=== Records supplied ===

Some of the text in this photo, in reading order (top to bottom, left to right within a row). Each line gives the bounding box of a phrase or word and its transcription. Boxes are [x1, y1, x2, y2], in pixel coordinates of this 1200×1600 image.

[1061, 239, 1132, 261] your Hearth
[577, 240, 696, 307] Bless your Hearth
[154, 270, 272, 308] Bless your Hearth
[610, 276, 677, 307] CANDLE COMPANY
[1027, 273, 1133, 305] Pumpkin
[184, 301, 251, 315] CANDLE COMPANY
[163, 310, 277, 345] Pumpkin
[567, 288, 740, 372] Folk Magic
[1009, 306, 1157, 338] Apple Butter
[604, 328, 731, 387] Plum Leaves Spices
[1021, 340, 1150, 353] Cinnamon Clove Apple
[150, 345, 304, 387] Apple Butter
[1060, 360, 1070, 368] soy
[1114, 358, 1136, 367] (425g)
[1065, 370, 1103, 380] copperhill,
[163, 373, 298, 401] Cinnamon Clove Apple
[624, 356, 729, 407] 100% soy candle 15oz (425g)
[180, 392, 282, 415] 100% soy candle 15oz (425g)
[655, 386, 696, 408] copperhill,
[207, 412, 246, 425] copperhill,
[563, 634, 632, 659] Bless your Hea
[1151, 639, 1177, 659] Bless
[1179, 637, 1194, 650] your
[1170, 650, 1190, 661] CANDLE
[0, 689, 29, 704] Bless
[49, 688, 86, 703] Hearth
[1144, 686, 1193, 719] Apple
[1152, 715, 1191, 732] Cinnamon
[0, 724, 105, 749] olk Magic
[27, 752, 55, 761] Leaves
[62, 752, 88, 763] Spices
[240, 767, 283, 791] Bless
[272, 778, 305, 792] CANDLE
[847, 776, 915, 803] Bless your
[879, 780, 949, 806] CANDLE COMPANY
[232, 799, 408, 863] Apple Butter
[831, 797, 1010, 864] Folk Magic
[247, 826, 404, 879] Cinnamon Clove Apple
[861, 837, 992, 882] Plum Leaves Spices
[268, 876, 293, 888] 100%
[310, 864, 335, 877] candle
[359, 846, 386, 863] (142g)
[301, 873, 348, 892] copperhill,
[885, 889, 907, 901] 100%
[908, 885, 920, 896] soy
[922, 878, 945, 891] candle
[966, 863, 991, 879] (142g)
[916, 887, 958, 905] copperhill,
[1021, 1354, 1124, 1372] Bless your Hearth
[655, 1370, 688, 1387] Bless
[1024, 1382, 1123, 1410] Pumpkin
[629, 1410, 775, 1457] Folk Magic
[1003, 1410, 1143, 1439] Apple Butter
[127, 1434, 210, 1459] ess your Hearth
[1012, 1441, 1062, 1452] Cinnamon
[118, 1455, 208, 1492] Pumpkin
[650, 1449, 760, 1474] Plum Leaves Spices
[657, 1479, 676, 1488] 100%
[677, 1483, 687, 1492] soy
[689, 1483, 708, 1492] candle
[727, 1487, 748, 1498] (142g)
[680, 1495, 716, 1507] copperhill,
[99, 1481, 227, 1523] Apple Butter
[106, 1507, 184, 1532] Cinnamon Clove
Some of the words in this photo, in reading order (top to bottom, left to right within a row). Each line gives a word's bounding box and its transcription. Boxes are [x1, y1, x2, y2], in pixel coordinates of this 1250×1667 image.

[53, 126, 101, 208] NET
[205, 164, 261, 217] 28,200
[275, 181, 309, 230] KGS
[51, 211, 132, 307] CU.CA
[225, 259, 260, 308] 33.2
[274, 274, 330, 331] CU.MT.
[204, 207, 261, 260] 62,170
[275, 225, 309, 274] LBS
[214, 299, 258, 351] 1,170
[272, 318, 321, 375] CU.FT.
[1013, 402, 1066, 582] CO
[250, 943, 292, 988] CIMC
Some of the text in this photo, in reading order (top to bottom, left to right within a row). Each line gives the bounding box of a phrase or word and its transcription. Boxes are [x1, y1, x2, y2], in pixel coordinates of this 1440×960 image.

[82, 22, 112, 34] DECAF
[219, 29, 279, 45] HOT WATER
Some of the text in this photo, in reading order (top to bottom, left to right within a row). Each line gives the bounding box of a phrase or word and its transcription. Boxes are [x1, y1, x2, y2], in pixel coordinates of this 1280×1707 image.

===

* Exercise objective
Transcribe the data above in full, exactly as it appears.

* Solution to this task
Some of the text in this photo, in reading order (top to bottom, left to right within a row). Each line gives the bounding box of a phrase or word and its transcription. Boxes are [x1, y1, x2, y2], in pixel coordinates of this 1200×1600 image.

[1061, 239, 1132, 261] your Hearth
[577, 240, 696, 307] Bless your Hearth
[154, 270, 272, 308] Bless your Hearth
[610, 276, 677, 307] CANDLE COMPANY
[1027, 273, 1133, 305] Pumpkin
[184, 301, 251, 315] CANDLE COMPANY
[163, 310, 277, 345] Pumpkin
[567, 288, 740, 372] Folk Magic
[1009, 306, 1157, 338] Apple Butter
[604, 328, 731, 387] Plum Leaves Spices
[1021, 340, 1150, 353] Cinnamon Clove Apple
[150, 345, 304, 387] Apple Butter
[1060, 360, 1070, 368] soy
[1114, 358, 1136, 367] (425g)
[1065, 370, 1103, 380] copperhill,
[163, 373, 298, 401] Cinnamon Clove Apple
[624, 356, 729, 407] 100% soy candle 15oz (425g)
[180, 392, 282, 415] 100% soy candle 15oz (425g)
[655, 386, 696, 408] copperhill,
[207, 412, 246, 425] copperhill,
[563, 634, 632, 659] Bless your Hea
[1151, 639, 1177, 659] Bless
[1179, 637, 1194, 650] your
[1170, 650, 1190, 661] CANDLE
[0, 689, 29, 704] Bless
[49, 688, 86, 703] Hearth
[1144, 686, 1193, 719] Apple
[1152, 715, 1191, 732] Cinnamon
[0, 724, 105, 749] olk Magic
[27, 752, 55, 761] Leaves
[62, 752, 88, 763] Spices
[240, 767, 283, 791] Bless
[272, 778, 305, 792] CANDLE
[847, 776, 915, 803] Bless your
[879, 780, 949, 806] CANDLE COMPANY
[232, 799, 408, 863] Apple Butter
[831, 797, 1010, 864] Folk Magic
[247, 826, 404, 879] Cinnamon Clove Apple
[861, 837, 992, 882] Plum Leaves Spices
[268, 876, 293, 888] 100%
[310, 864, 335, 877] candle
[359, 846, 386, 863] (142g)
[301, 873, 348, 892] copperhill,
[885, 889, 907, 901] 100%
[908, 885, 920, 896] soy
[922, 878, 945, 891] candle
[966, 863, 991, 879] (142g)
[916, 887, 958, 905] copperhill,
[1021, 1354, 1124, 1372] Bless your Hearth
[655, 1370, 688, 1387] Bless
[1024, 1382, 1123, 1410] Pumpkin
[629, 1410, 775, 1457] Folk Magic
[1003, 1410, 1143, 1439] Apple Butter
[127, 1434, 210, 1459] ess your Hearth
[1012, 1441, 1062, 1452] Cinnamon
[118, 1455, 208, 1492] Pumpkin
[650, 1449, 760, 1474] Plum Leaves Spices
[657, 1479, 676, 1488] 100%
[677, 1483, 687, 1492] soy
[689, 1483, 708, 1492] candle
[727, 1487, 748, 1498] (142g)
[680, 1495, 716, 1507] copperhill,
[99, 1481, 227, 1523] Apple Butter
[106, 1507, 184, 1532] Cinnamon Clove
Some of the words in this photo, in reading order (top to bottom, left to right within a row). Each line gives a word's bounding box and its transcription. Boxes are [x1, y1, x2, y2], in pixel coordinates of this 1250×1667 image.

[53, 126, 101, 208] NET
[205, 164, 261, 217] 28,200
[275, 181, 309, 230] KGS
[51, 211, 132, 307] CU.CA
[225, 259, 260, 308] 33.2
[274, 274, 330, 331] CU.MT.
[204, 207, 261, 260] 62,170
[275, 225, 309, 274] LBS
[214, 299, 258, 351] 1,170
[272, 318, 321, 375] CU.FT.
[1013, 402, 1066, 582] CO
[250, 943, 292, 988] CIMC
Some of the text in this photo, in reading order (top to bottom, left to right within a row). Each line gives the bounding box of a phrase or word and its transcription. Boxes are [x1, y1, x2, y2], in pixel coordinates of this 1440×960 image.

[82, 22, 112, 34] DECAF
[219, 29, 279, 45] HOT WATER
Some of the text in this photo, in reading order (top to bottom, left to right within a row). Each line gives the bounding box of a phrase or word and its transcription. Boxes are [x1, y1, x2, y2], in pixel coordinates of this 1280×1707 image.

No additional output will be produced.